Source: http://www.indiana.edu/~ensiweb/lessons/mys.box.html (developed by Dr.
Jean Beard, Professor Emerita, San Jose State University, San Jose CA for the Evolution & the
Nature of Science Institutes website); http://www.sciencelearn.org.nz/Nature-ofScience/Teaching-and-Learning-Approaches/Student-activity-Mystery-boxes
One simple way to create concrete experiences that engage emotional responses in
students is through the act of “reproblematizing” the content itself.

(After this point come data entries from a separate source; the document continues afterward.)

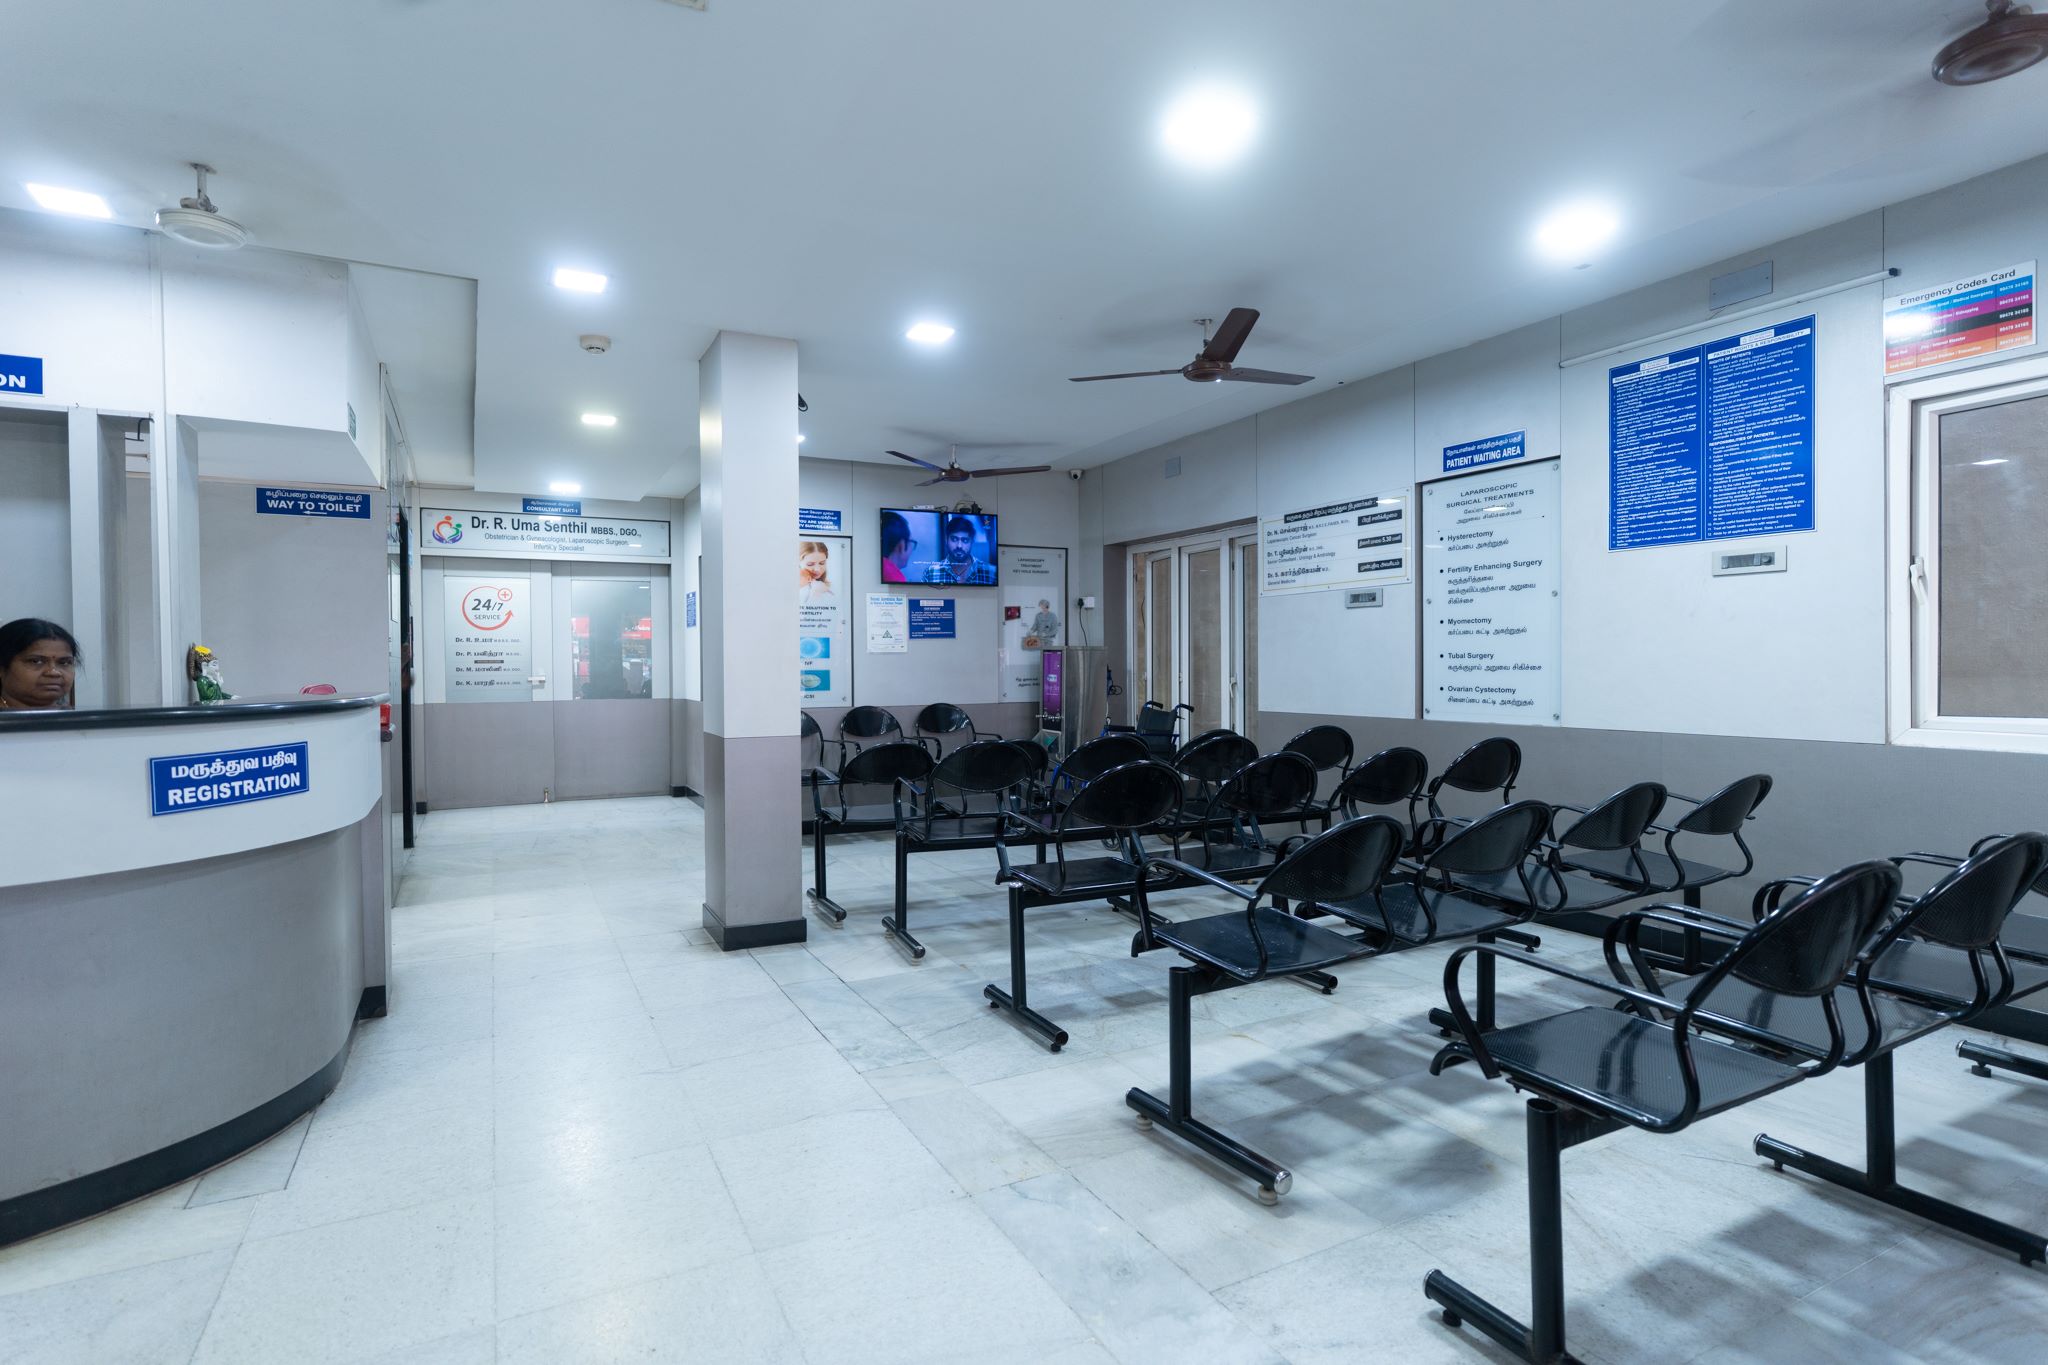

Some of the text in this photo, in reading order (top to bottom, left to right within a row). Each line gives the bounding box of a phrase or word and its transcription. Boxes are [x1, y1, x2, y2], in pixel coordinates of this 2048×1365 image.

[1900, 287, 1952, 306] Emergency
[1956, 277, 1987, 290] Codes
[1990, 269, 2015, 281] Card
[1713, 348, 1732, 358] PATIENT
[1734, 342, 1753, 352] RIGHTS
[1759, 329, 1804, 345] RESPONSIBILITY
[1446, 446, 1521, 468] PATIENT WAITING AREA
[266, 490, 308, 500] கழிப்பறை
[310, 493, 343, 501] செல்லும்
[1460, 482, 1518, 497] LAPAROSCOPIC
[267, 500, 361, 512] WAY TO TOILET
[1446, 498, 1481, 508] SURGICAL
[1484, 489, 1534, 502] TREATMENTS
[471, 516, 489, 529] Dr.
[494, 517, 507, 530] R.
[512, 519, 540, 532] Uma
[544, 520, 587, 534] Senthil
[591, 526, 618, 537] MBBS.,
[485, 532, 519, 541] Obstetrician
[568, 537, 604, 546] Laparoscopic
[1448, 530, 1494, 542] Hysterectomy
[1474, 562, 1511, 571] Enhancing
[1513, 560, 1542, 568] Surgery
[472, 598, 503, 611] 24/7
[1475, 686, 1516, 694] Cystectomy
[171, 751, 297, 780] மருத்துவ பதிவு
[168, 772, 300, 806] REGISTRATION

Reproblematizing can be
accomplished by removing key information from class materials (e.g., definitions and answers
to key questions), and then giving students the opportunity to “discover” the information for
themselves. When teaching within a “traditional”, lecture-based format, students might be
shown a PowerPoint slide with a variety of course content laid out in a neat outline with key
terms and corresponding definitions. In a reproblematized classroom, students are given
“clues” that help them arrive at the same terms and definitions on their own. Reproblematizing
course content is simple to do, yet can have a profound effect on learning (e.g., deWinstanley &
Bjork, 2002). Done in a sequential way, students are able to make the same “discoveries”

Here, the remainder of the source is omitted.